Hematological Diseases Project 2
In a second project, Dr. White's lab is in the process of identifying a novel erythroid transcription factor to treat anemia and potentially identify a novel treatment for leukemia. This work derives from the study an interesting mouse mutant (call Xpna: x-linked pre and neonatal anemia) which lacks the most important erythroid transcription factor called GATA1. The mice with a GATA1 mutation are born anemia but unexpectedly receiver from their anemia. The hypothesis being tested is that there is a compensatory erythroid transcription factor that replaces GATA1 in these mice and also has the likely characteristic that it can prevent leukemia as well.
Barth Wright, PhD
Associate Professor of Anatomy
Research Interests: Comparative Anatomy and Behavior
Dr. Wright's research examines the various interactions among human and non-human primate food mechanics behavior and morphological and physiological adaptations, particularly craniofacial. These tools and techniques include, but are not limited to, detailed in-field observations of feeding in field tests of food mechanical properties combined with laboratory measures of force transduction using high fidelity 3D imaging and force measurement. His research incorporates a range of tools and techniques, the use of which can prove beneficial to evolutionary biologists and clinicians.
Asma Zaidi, PhD
Professor of Biochemistry
Research Interests: Neurobiology of Brain Aging and Neurodegenerative Disorders
Teaching Expertise: Basic and Clinical Biochemistry, Molecular and Cell Biology
Dr. Zaidi’s research interests are focused on investigating the mechanisms underlying neuronal cell death in brain aging and in neurodegenerative disorders. Her work has shown that disruption of calcium homeostasis is the final common pathway leading to the death of neurons in the central nervous system. She focusses on a calcium transporter called the plasma membrane Ca2+-ATPase (PMCA). The PMCA is responsible for pumping calcium out of neurons to maintain a 10,000-fold gradient that exists across the plasma membrane and is critical for optimal functioning of neurons. Her research showed for the first time that the activity and protein levels of PMCA are progressively reduced in the brain with increasing age. She has also shown that this protein is extremely sensitive to oxidative stress and undergoes inactivation, aggregation and proteolysis when exposed to reactive oxygen species of physiological relevance.

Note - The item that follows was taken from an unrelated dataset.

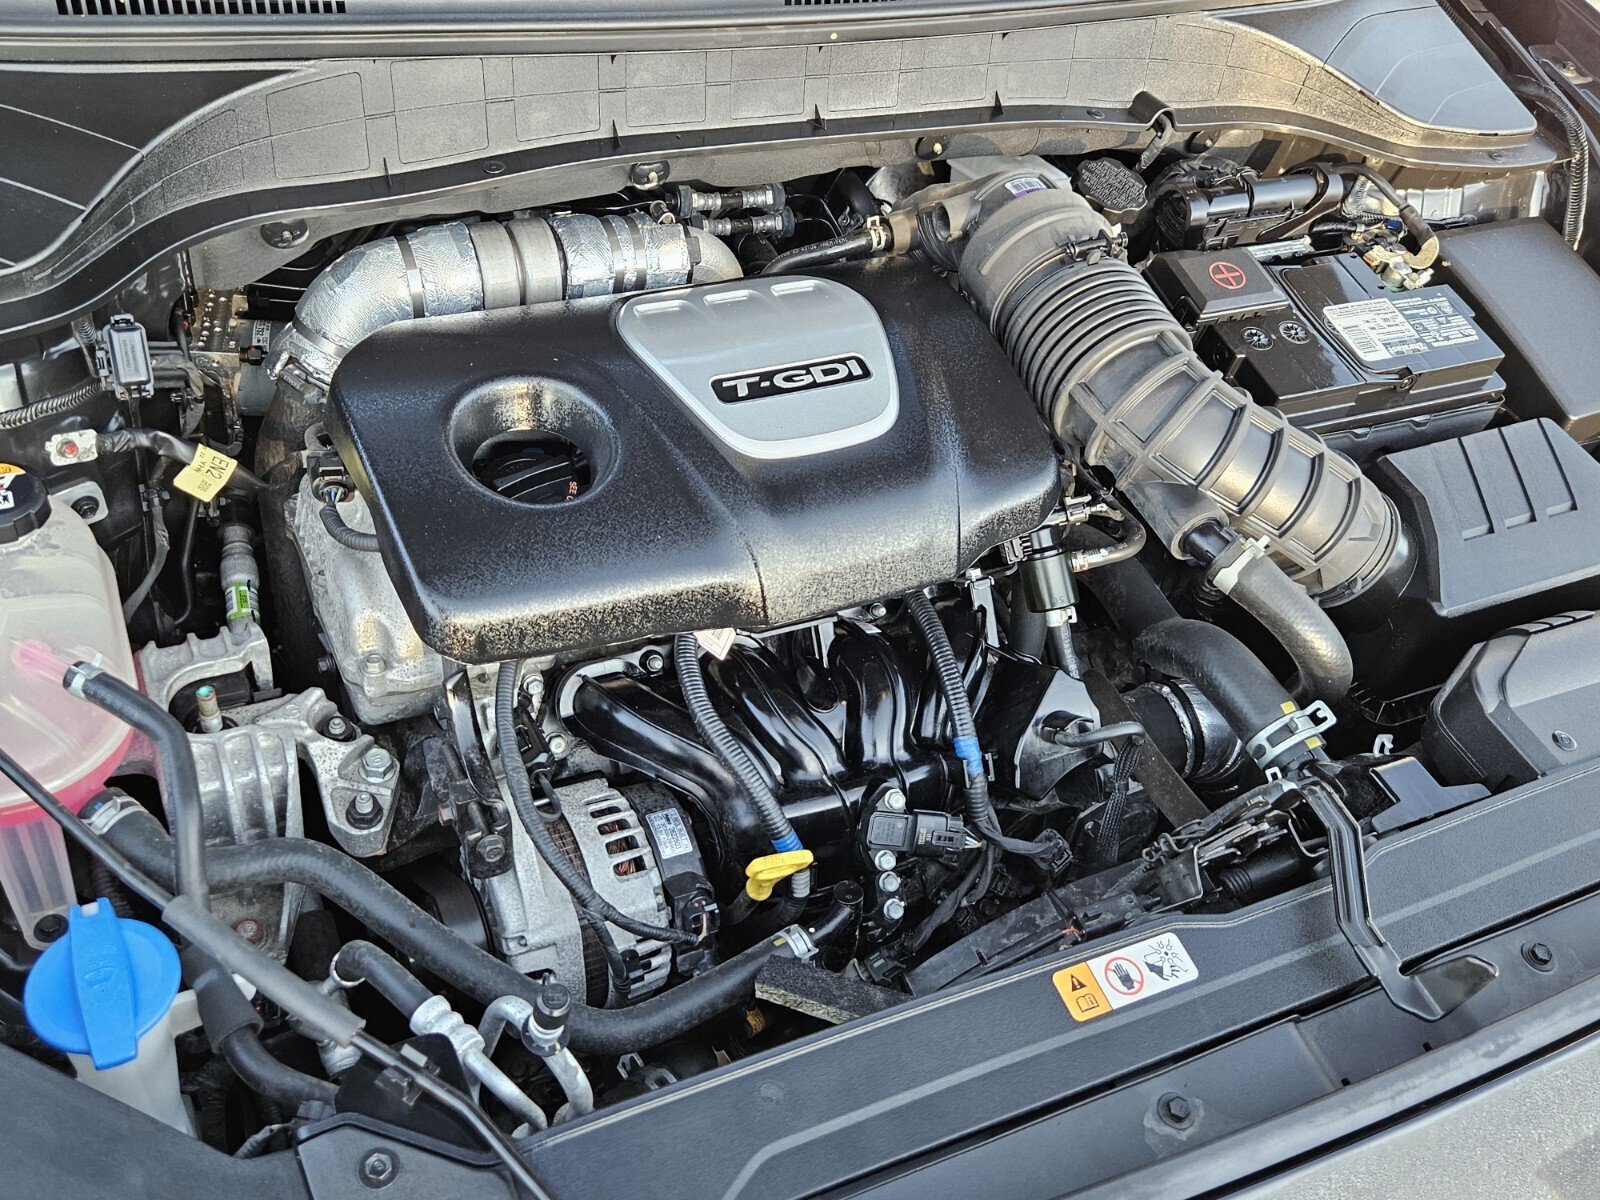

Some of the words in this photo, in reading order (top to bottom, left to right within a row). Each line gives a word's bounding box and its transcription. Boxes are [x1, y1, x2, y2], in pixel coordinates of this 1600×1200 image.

[722, 359, 863, 397] T-GDI
[206, 455, 230, 480] EN2
[569, 481, 577, 495] SEE

Dr. Zaidi’s recent work has identified that the PMCA plays an important role in the selective degeneration of dopaminergic neurons in Parkinson’s Disease (PD). Utilizing human brain post-mortem tissue, animal model as well as a cell culture model of PD, she showed that endogenous levels of PMCA are lower in the substantia nigra of the brain compared to other regions. Additionally, PMCA activity is significantly reduced when exposed to PD mimetics. Currently, she is developing novel strategies to increase the expression of the PMCA, which may serve as a translational target for therapeutic intervention in PD. Several antioxidant flavonoid compounds including resveratrol, curcumin, fisetin and edaravone are emerging as promising targets.